[Image-backed grounding data]
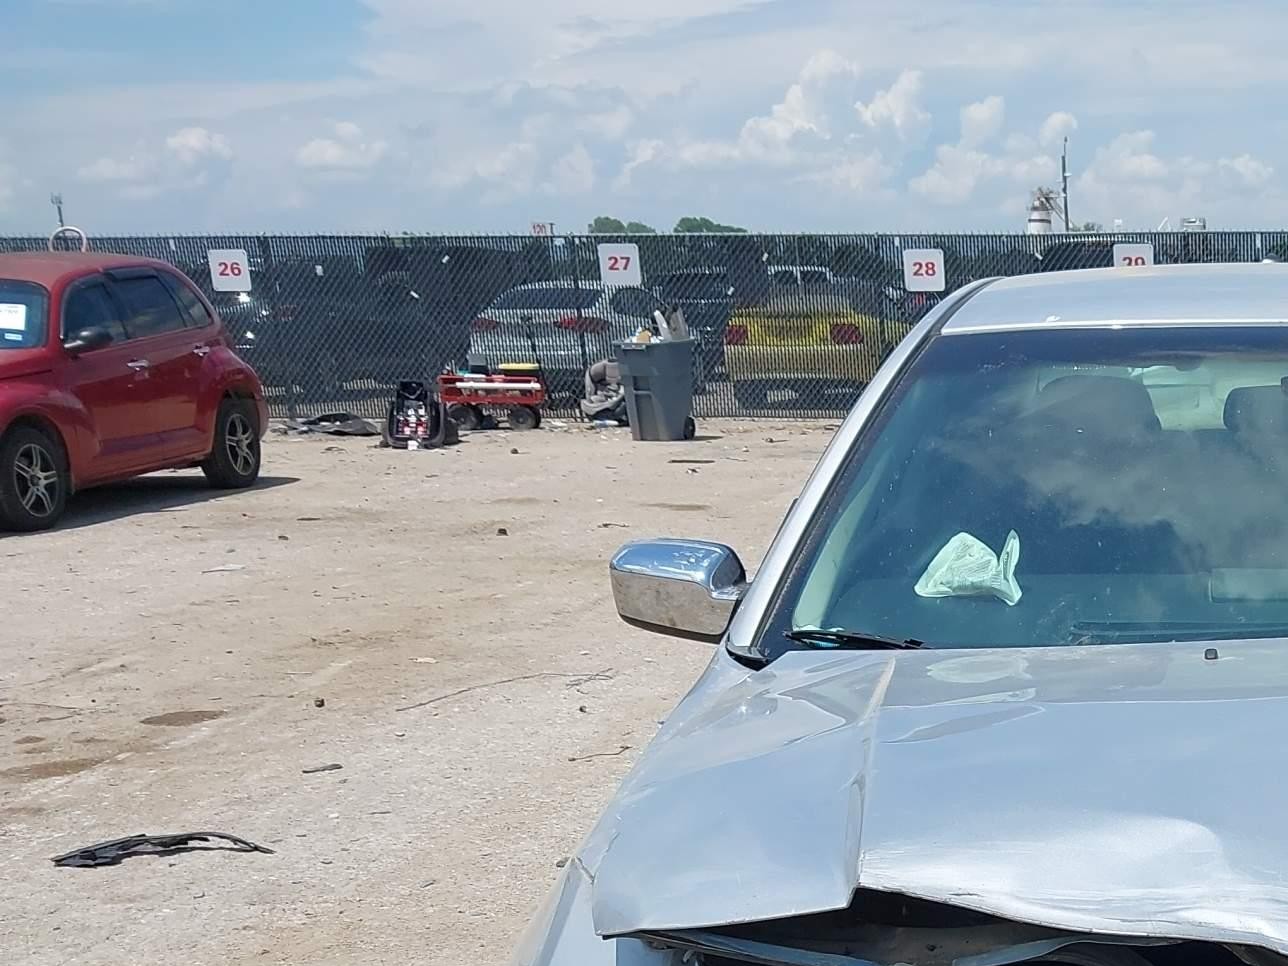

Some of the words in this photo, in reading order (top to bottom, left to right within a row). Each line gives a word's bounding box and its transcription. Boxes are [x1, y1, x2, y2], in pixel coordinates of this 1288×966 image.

[218, 261, 242, 276] 26
[607, 256, 631, 271] 27
[912, 261, 936, 277] 28
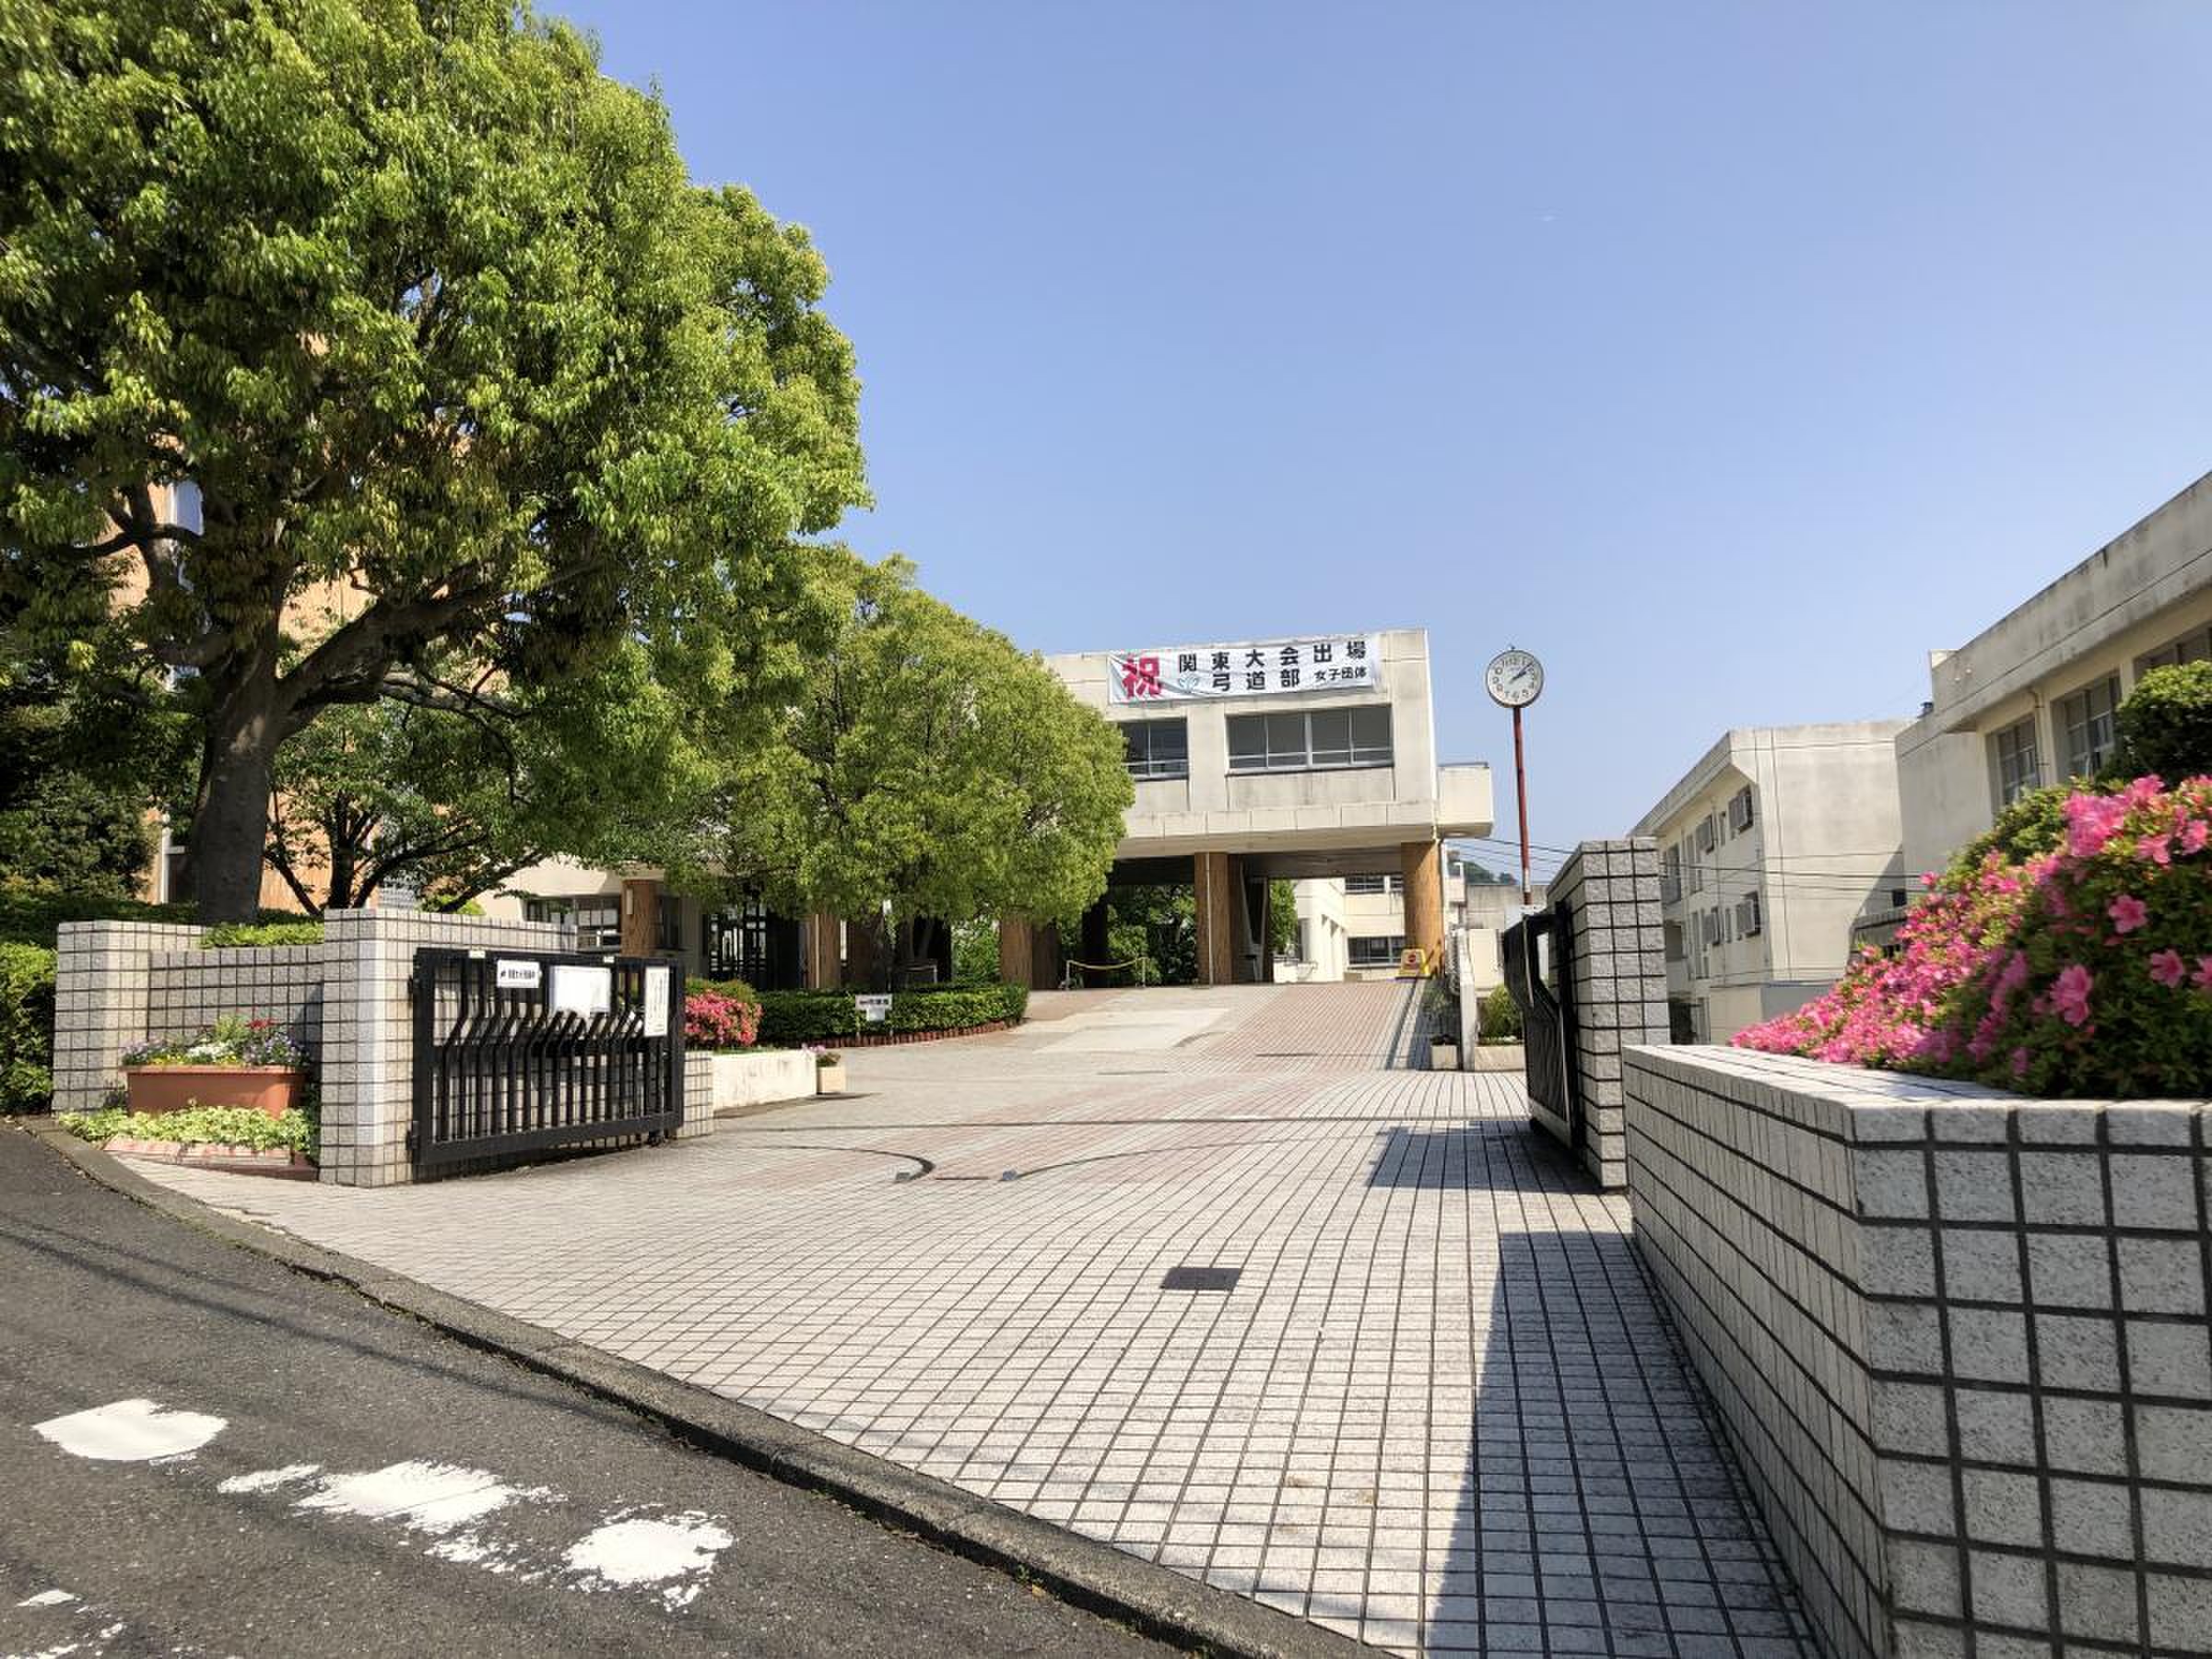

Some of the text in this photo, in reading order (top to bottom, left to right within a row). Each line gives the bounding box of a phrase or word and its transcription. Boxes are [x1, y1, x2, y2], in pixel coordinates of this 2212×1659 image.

■ What is required ■
Set down the entries exactly as they appear, with every picture left out.

■ Task answer ■
Some of the words in this photo, in reading order (top to bottom, left to right within a row). Each line gives a word's bounding box and its transcription. Boxes are [x1, y1, x2, y2], in pixel coordinates of this 1288×966 image.

[218, 261, 242, 276] 26
[607, 256, 631, 271] 27
[912, 261, 936, 277] 28

Some of the text in this photo, in reading order (top to bottom, left to right within a row). Each line gives the bounding box of a phrase or word and its transcription. Boxes are [x1, y1, x2, y2], in pixel coordinates of this 2212×1659 image.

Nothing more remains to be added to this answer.